Next Kraftwerke brings Belgium’s first Virtual Power Plant into operation


Published: 11. August 2016

Brussels-based Next Kraftwerke Belgium has successfully provided primary control reserve (R1) to transmission system operator Elia by networking the power generation of many small renewable generators. With its Virtual Power Plant (VPP), Next Kraftwerke brings a new concept to Belgium and is the first company in Belgium to provide primary reserve control on lower voltage levels.

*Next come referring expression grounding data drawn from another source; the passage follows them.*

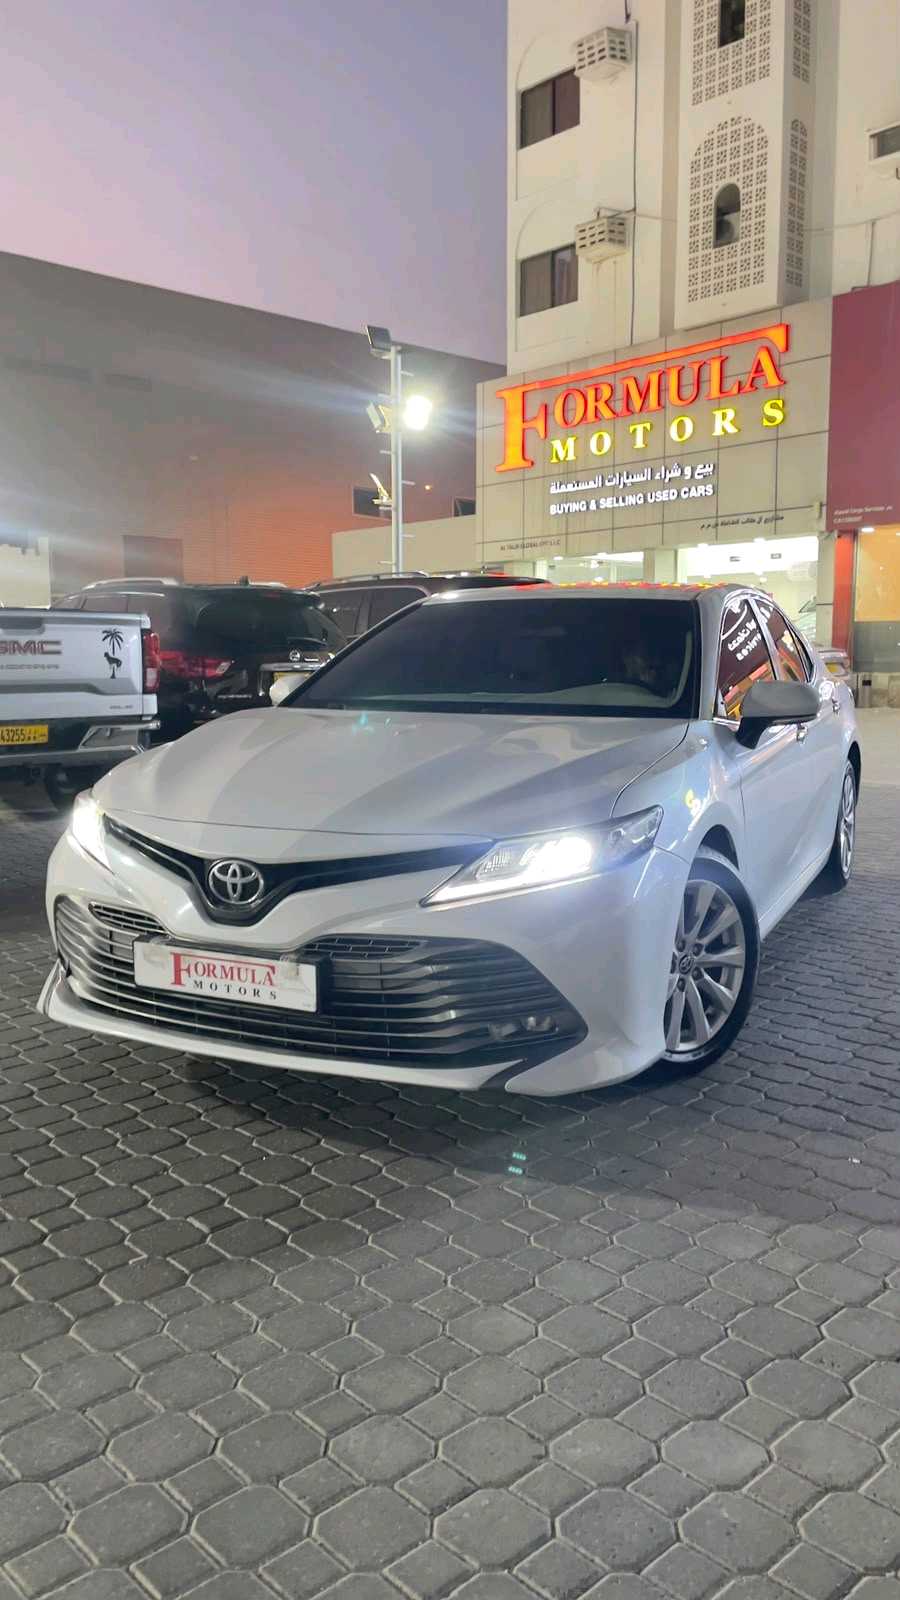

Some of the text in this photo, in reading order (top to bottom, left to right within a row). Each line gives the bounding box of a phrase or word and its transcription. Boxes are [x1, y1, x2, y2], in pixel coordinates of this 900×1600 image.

[495, 323, 790, 472] FORMULA
[550, 398, 786, 464] MOTORS
[550, 463, 714, 494] بيع و شراء السيارات المستعملة
[550, 484, 714, 515] BUYING & SELLING USED CARS
[170, 952, 277, 987] FORMULA
[193, 979, 277, 1000] MOTORS
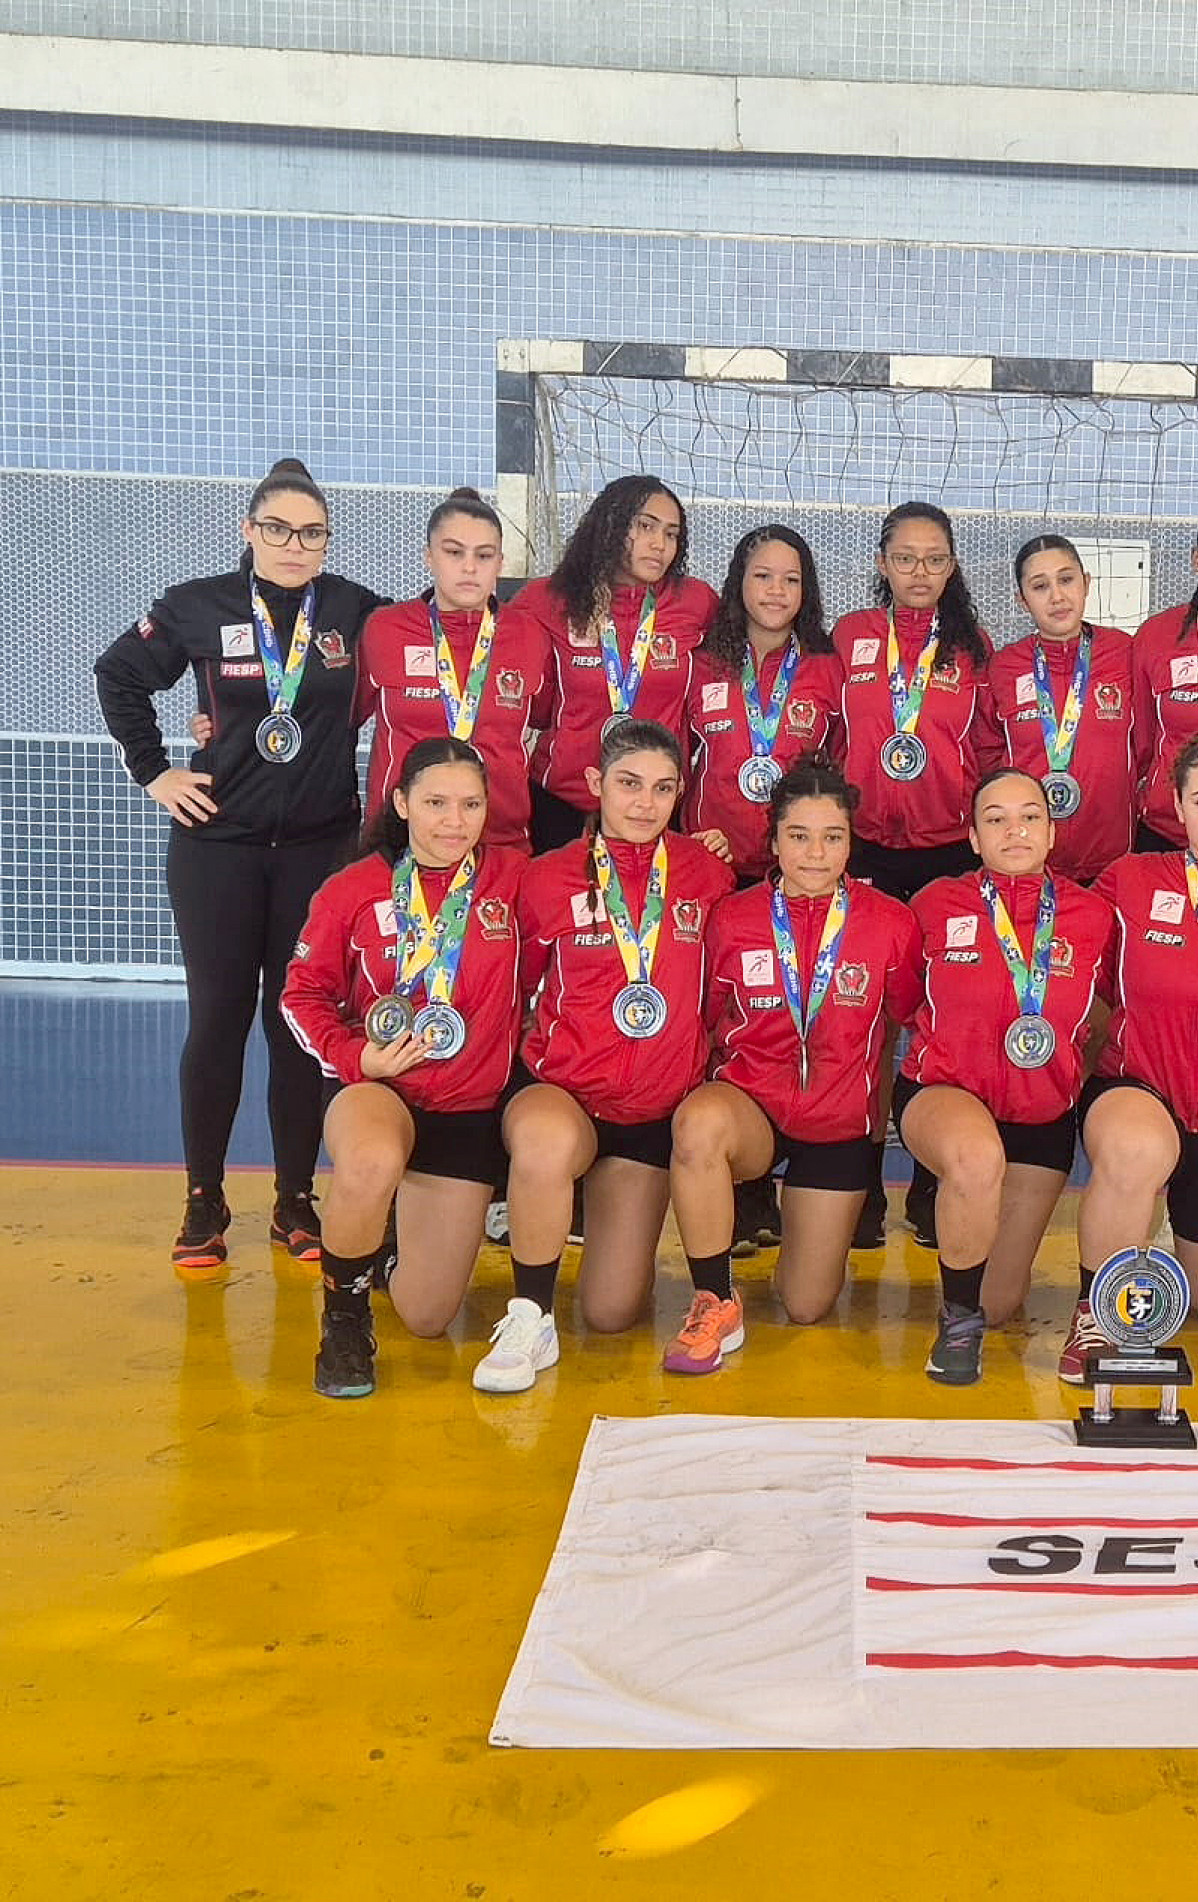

“Our Virtual Power Plant provides the same grid stabilizing services that were previously delivered by large-scale nuclear and gas plants. We help to safely integrate the large volumes of solar and wind energy that are expected to come online in the coming years, and make an important step towards independence from large-scale central units,” says Next Kraftwerke Belgium’s co-founder and CEO Jan De Decker.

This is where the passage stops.